▶ WHAT YOU HAVE TO DO
Between the line containing "this 1200×1600 image." and the line containing "this 1600×900 image." lies a run of lines; give that run again exactly, with both of those lines, and nothing else from the entries below.

▶ DATA SHOWN

* * * * * * * * *

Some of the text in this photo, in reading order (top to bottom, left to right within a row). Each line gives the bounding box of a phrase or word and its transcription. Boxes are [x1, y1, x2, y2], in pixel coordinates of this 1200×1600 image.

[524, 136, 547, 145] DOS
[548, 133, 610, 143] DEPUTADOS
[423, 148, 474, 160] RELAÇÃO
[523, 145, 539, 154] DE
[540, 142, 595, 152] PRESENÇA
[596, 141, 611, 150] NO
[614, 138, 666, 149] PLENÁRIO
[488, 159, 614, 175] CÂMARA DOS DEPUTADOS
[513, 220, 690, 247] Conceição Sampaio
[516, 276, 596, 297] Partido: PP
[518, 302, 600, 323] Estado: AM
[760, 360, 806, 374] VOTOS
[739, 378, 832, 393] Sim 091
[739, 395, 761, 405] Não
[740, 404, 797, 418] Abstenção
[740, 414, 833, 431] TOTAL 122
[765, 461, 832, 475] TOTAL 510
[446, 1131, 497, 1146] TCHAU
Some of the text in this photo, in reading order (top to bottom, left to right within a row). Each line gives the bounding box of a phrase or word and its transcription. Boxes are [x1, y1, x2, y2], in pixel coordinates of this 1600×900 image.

* * * * * * * * *

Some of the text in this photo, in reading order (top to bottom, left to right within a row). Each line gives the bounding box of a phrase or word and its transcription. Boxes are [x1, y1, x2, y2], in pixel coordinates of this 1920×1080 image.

* * * * * * * * *

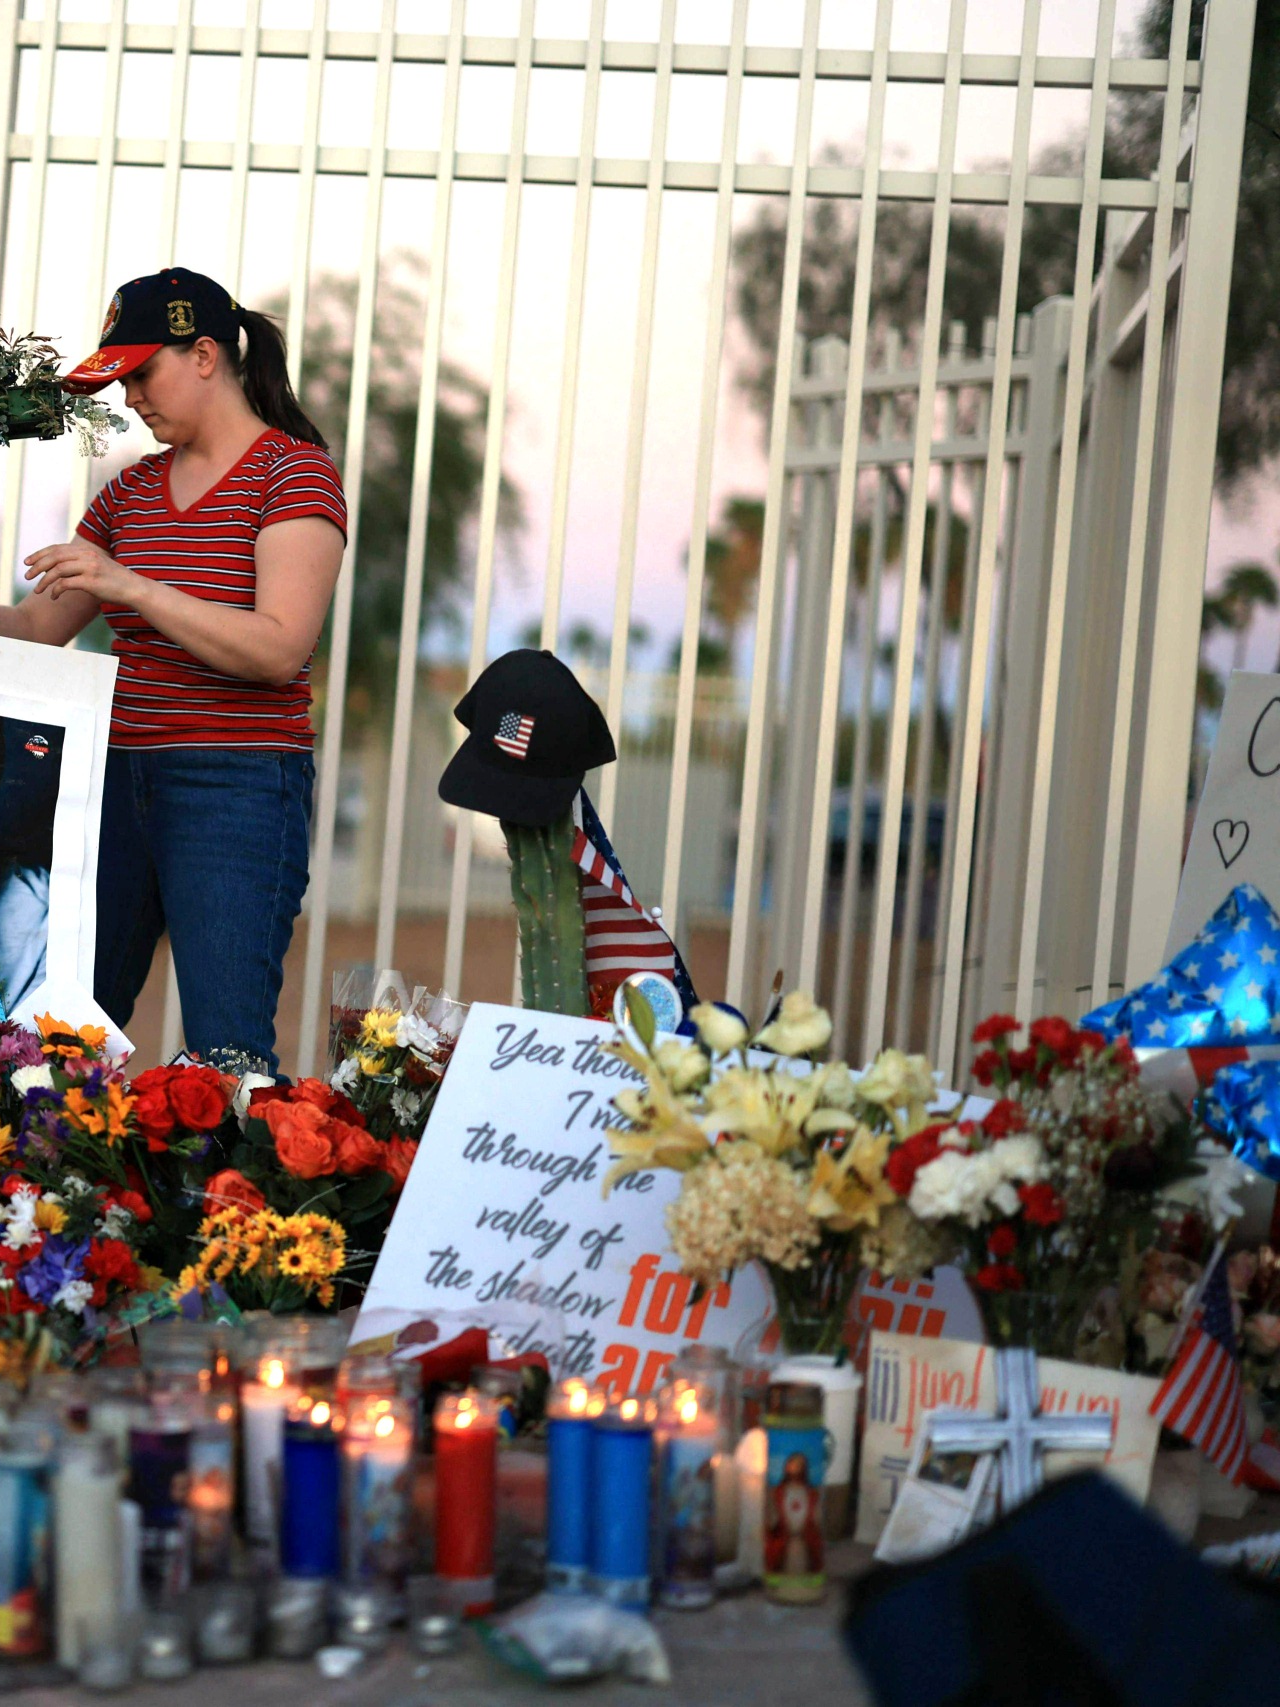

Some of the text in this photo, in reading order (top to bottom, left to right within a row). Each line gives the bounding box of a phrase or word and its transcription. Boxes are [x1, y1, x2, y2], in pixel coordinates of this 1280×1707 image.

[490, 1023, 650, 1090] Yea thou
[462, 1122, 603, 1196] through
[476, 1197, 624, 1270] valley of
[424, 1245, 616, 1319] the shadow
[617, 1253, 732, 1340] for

* * * * * * * * *

▶ RESULT FOR THIS EXERCISE
Some of the text in this photo, in reading order (top to bottom, left to right within a row). Each line gives the bounding box of a phrase or word and its transcription. Boxes are [x1, y1, x2, y2], in pixel coordinates of this 1200×1600 image.

[524, 136, 547, 145] DOS
[548, 133, 610, 143] DEPUTADOS
[423, 148, 474, 160] RELAÇÃO
[523, 145, 539, 154] DE
[540, 142, 595, 152] PRESENÇA
[596, 141, 611, 150] NO
[614, 138, 666, 149] PLENÁRIO
[488, 159, 614, 175] CÂMARA DOS DEPUTADOS
[513, 220, 690, 247] Conceição Sampaio
[516, 276, 596, 297] Partido: PP
[518, 302, 600, 323] Estado: AM
[760, 360, 806, 374] VOTOS
[739, 378, 832, 393] Sim 091
[739, 395, 761, 405] Não
[740, 404, 797, 418] Abstenção
[740, 414, 833, 431] TOTAL 122
[765, 461, 832, 475] TOTAL 510
[446, 1131, 497, 1146] TCHAU
Some of the text in this photo, in reading order (top to bottom, left to right within a row). Each line gives the bounding box of a phrase or word and its transcription. Boxes are [x1, y1, x2, y2], in pixel coordinates of this 1600×900 image.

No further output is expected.